**YOUR GOAL**: This task calls for every entry below to be repeated exactly, without the pictures.

**PROVIDED RECORDS**:
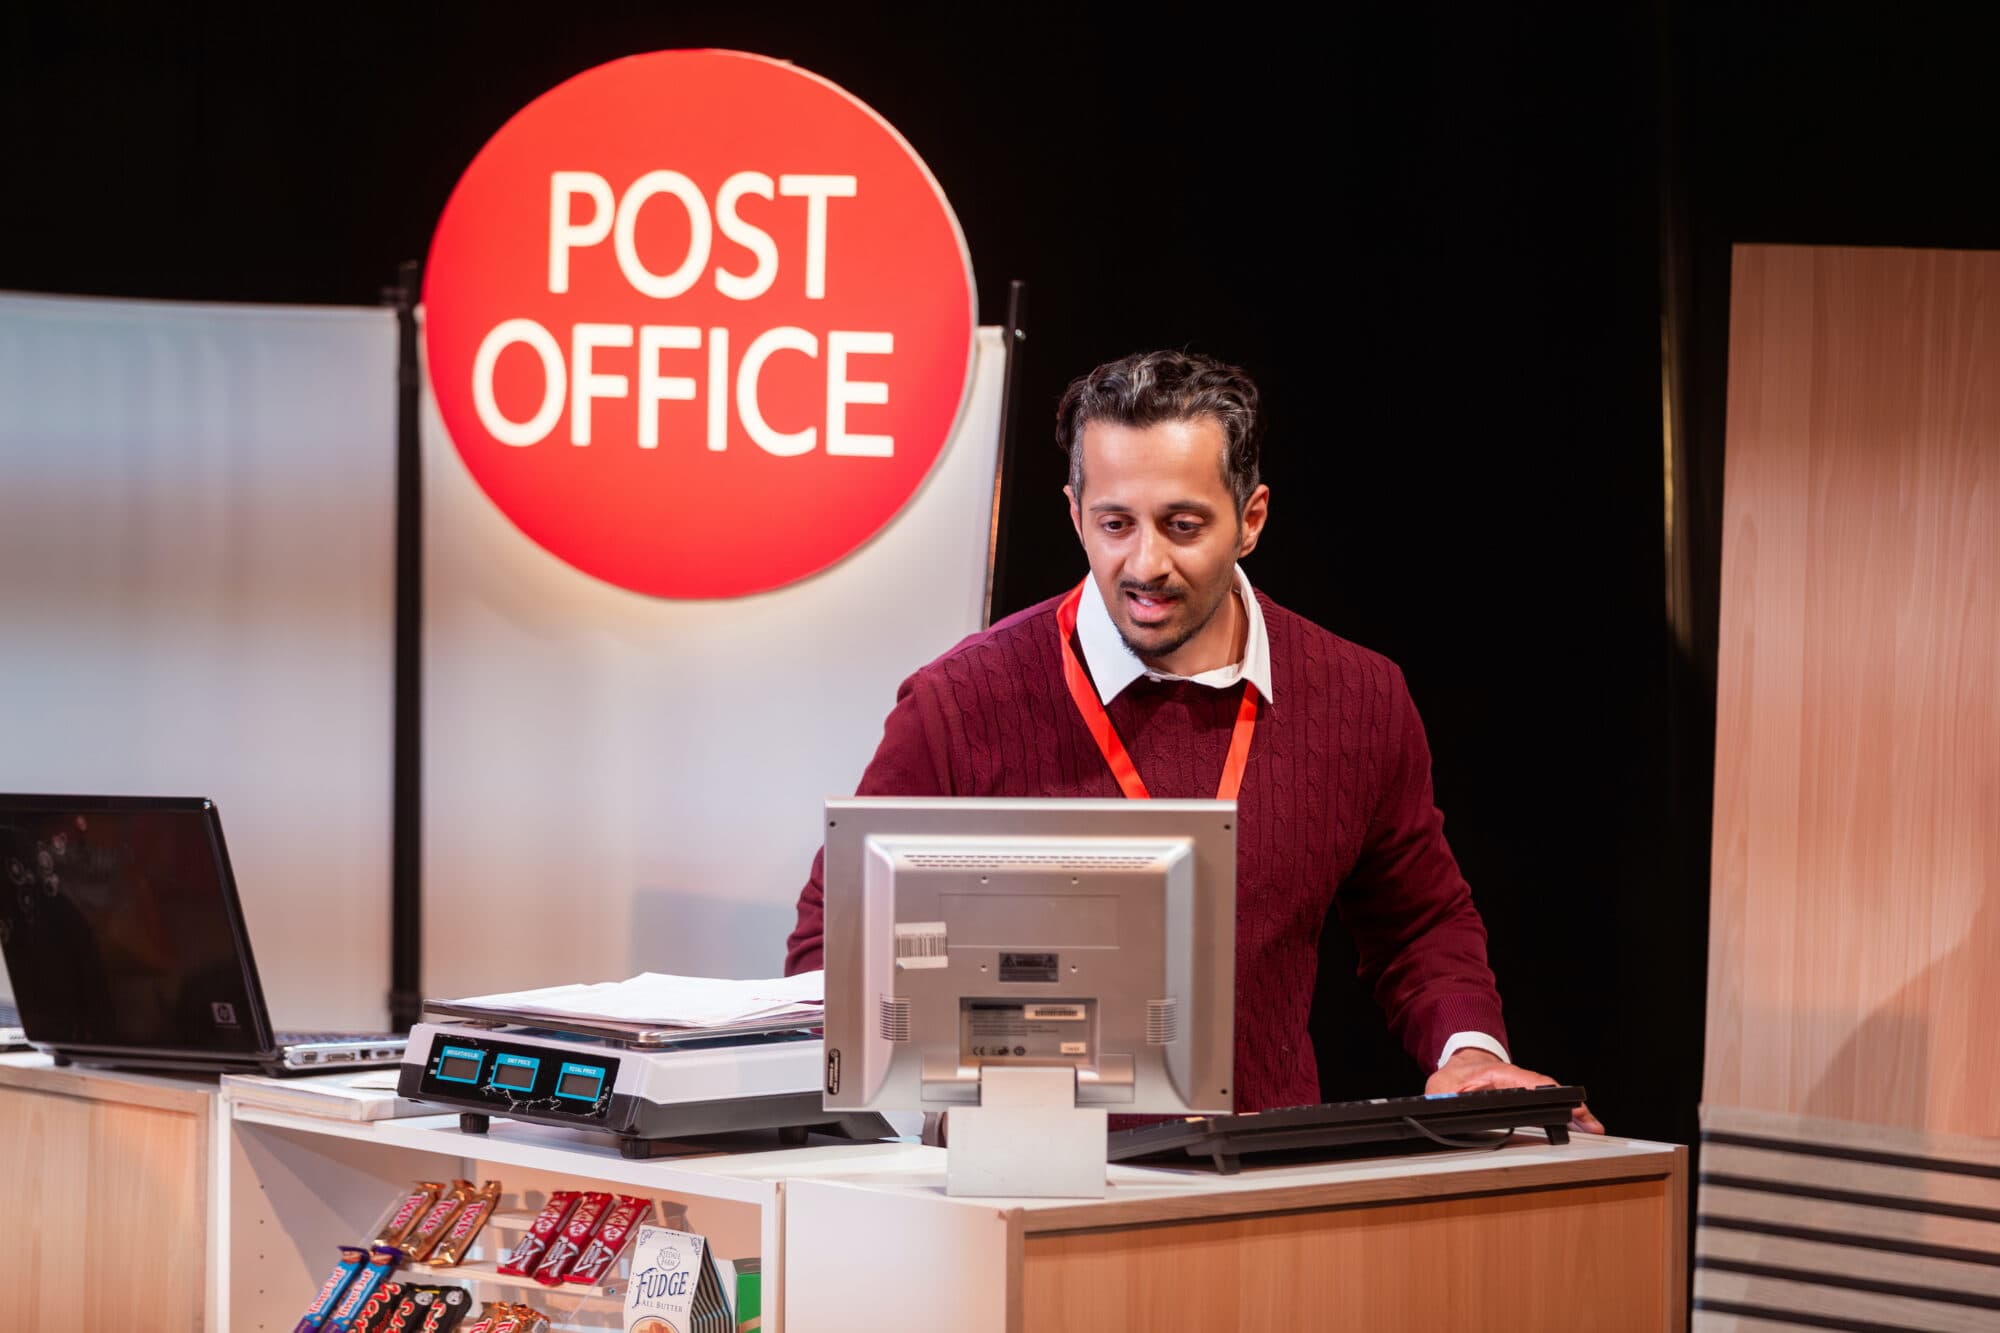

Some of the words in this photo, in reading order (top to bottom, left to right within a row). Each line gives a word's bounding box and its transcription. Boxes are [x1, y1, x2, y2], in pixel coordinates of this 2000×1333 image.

[548, 169, 857, 300] POST
[472, 318, 894, 458] OFFICE
[347, 1283, 401, 1333] Mar
[632, 1267, 689, 1309] FUDGE

**SOLUTION TO THIS TASK**:
Some of the words in this photo, in reading order (top to bottom, left to right within a row). Each line gives a word's bounding box and its transcription. Boxes are [x1, y1, x2, y2], in pixel coordinates of this 2000×1333 image.

[548, 169, 857, 300] POST
[472, 318, 894, 458] OFFICE
[347, 1283, 401, 1333] Mar
[632, 1267, 689, 1309] FUDGE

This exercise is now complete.